(The records)
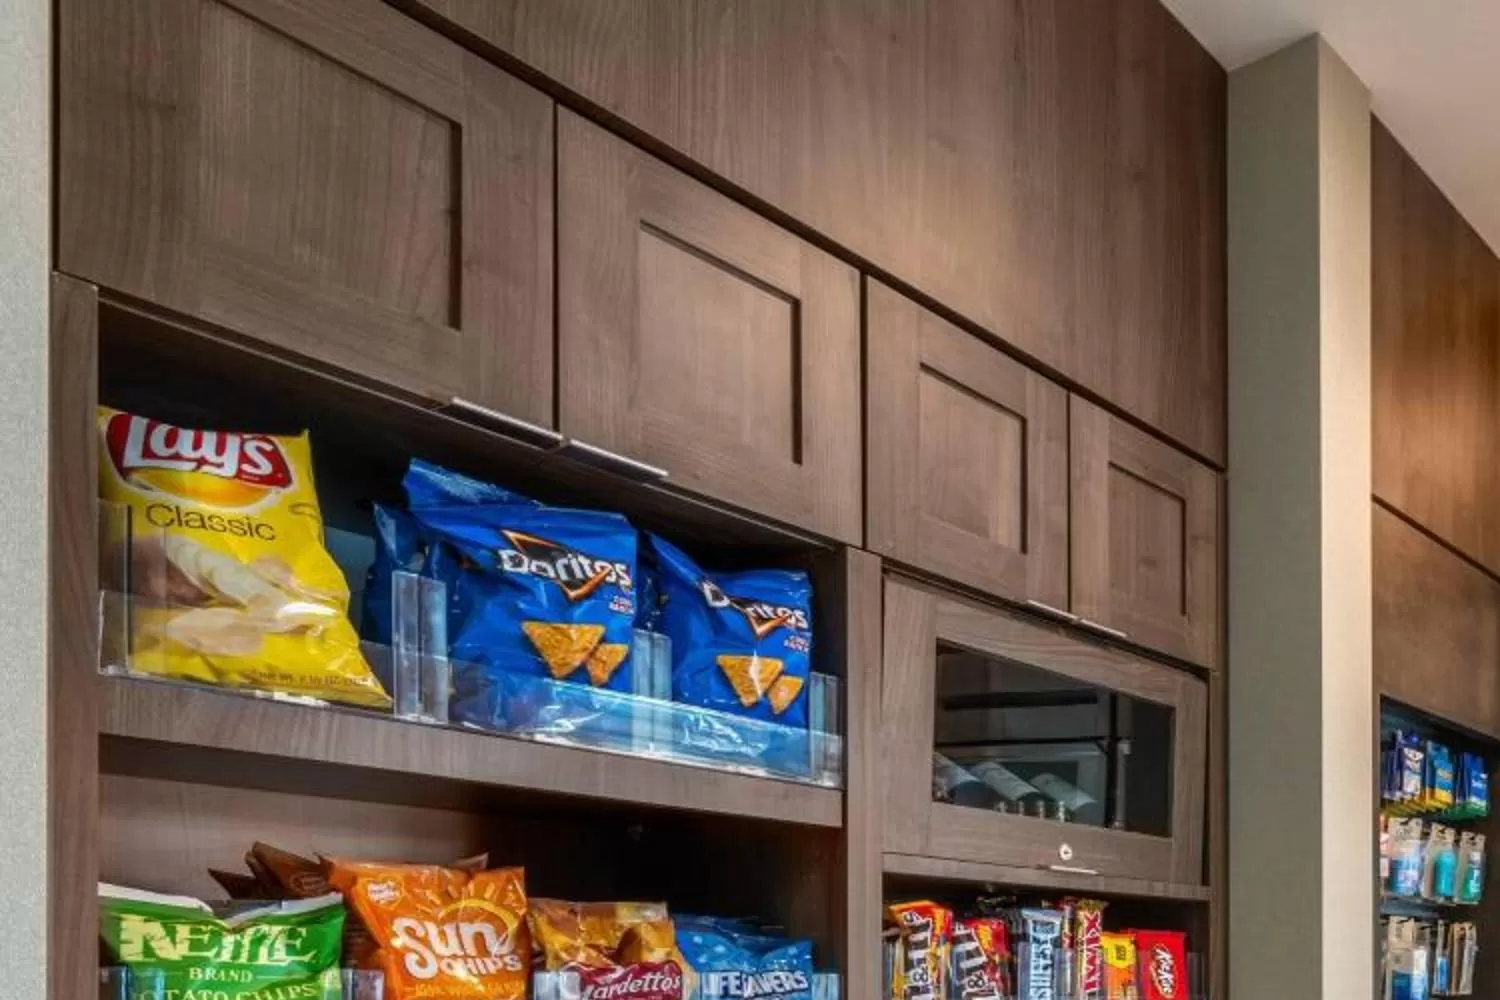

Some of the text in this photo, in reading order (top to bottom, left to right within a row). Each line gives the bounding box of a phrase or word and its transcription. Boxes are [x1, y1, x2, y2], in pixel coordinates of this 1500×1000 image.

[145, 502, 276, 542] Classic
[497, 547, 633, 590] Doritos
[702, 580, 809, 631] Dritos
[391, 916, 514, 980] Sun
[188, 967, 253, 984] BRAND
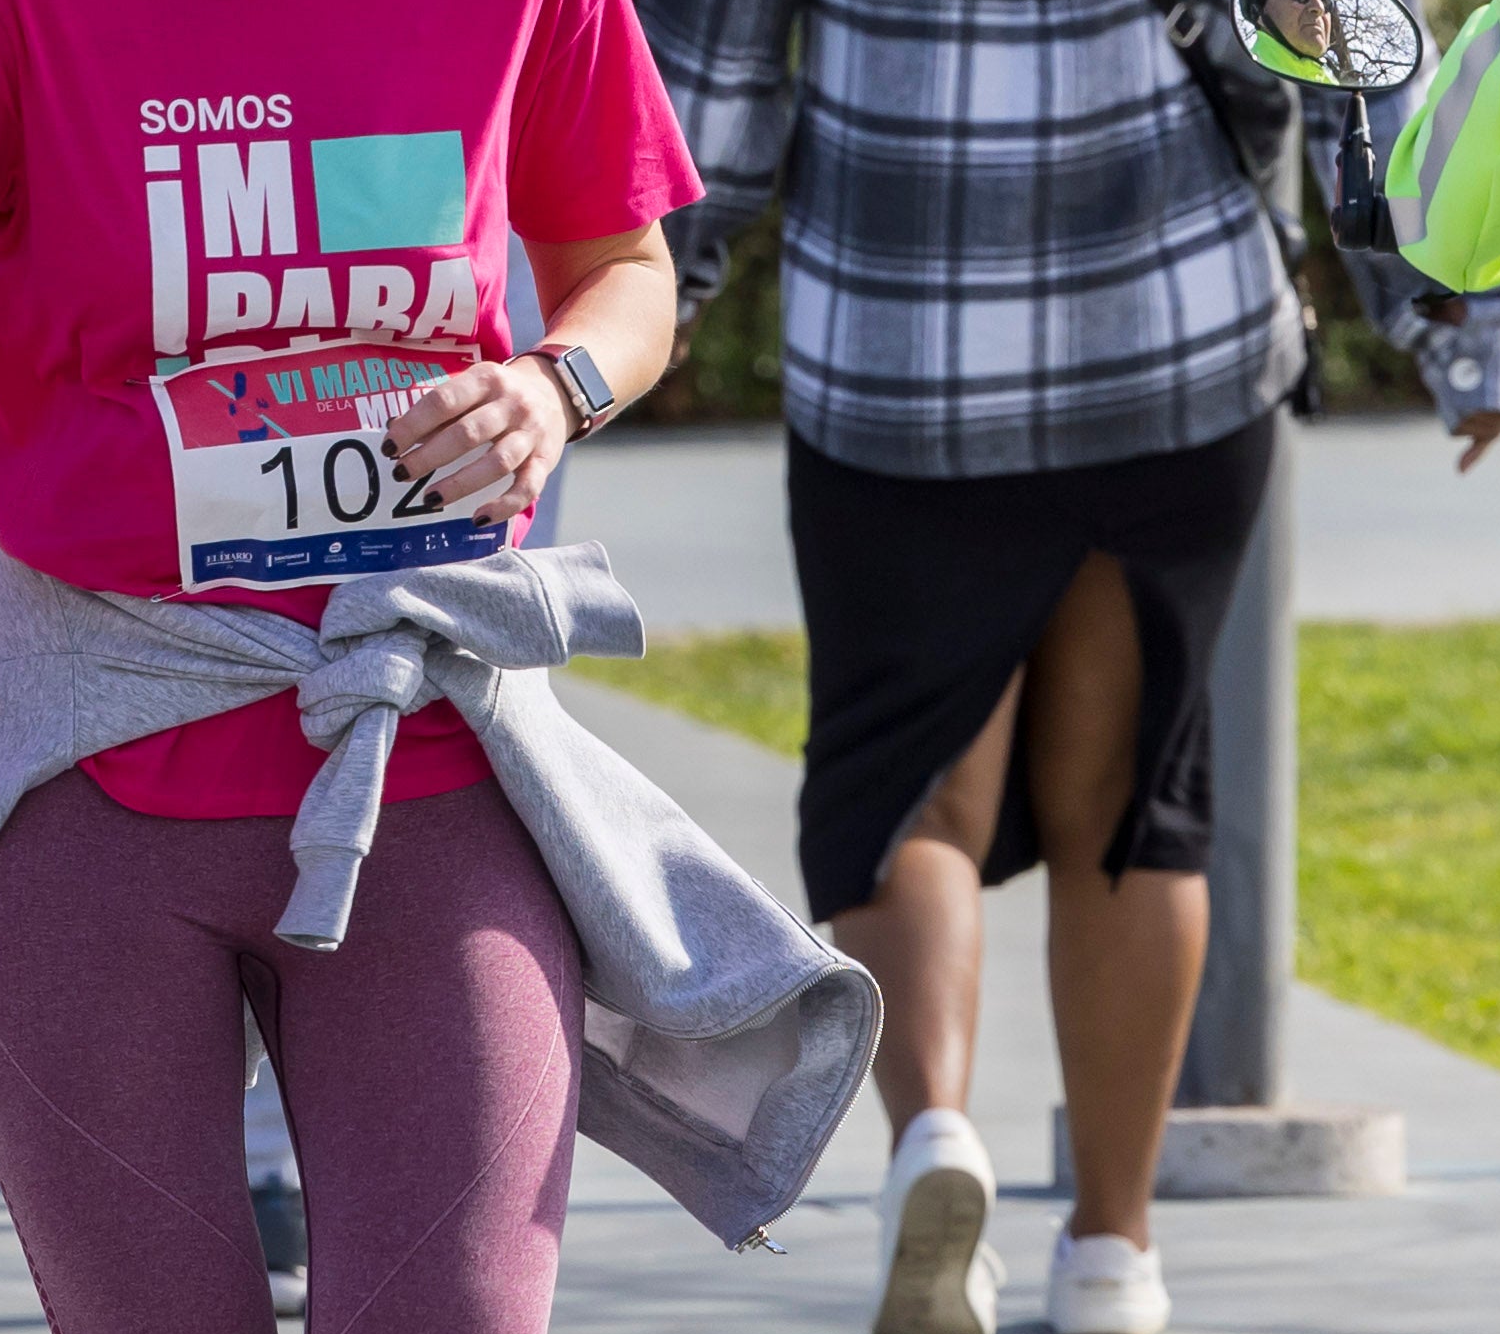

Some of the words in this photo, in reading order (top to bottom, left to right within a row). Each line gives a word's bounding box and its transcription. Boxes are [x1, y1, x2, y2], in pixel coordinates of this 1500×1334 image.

(Exercise aim) Each entry is to be given again exactly as it stands, with its pictures removed.

(Answer box)
Some of the text in this photo, in reading order (top to bottom, left to right within a row). Each line gives the bounding box of a phrase or word and its transcription. Boxes are [x1, y1, x2, y2], in pixel coordinates of this 1500×1000 image.

[145, 502, 276, 542] Classic
[497, 547, 633, 590] Doritos
[702, 580, 809, 631] Dritos
[391, 916, 514, 980] Sun
[188, 967, 253, 984] BRAND

Some of the words in this photo, in reading order (top to bottom, left to right within a row). Each line gives a word's bounding box and its transcription. Boxes are [x1, y1, x2, y2], in pixel coordinates of this 1500×1334 image.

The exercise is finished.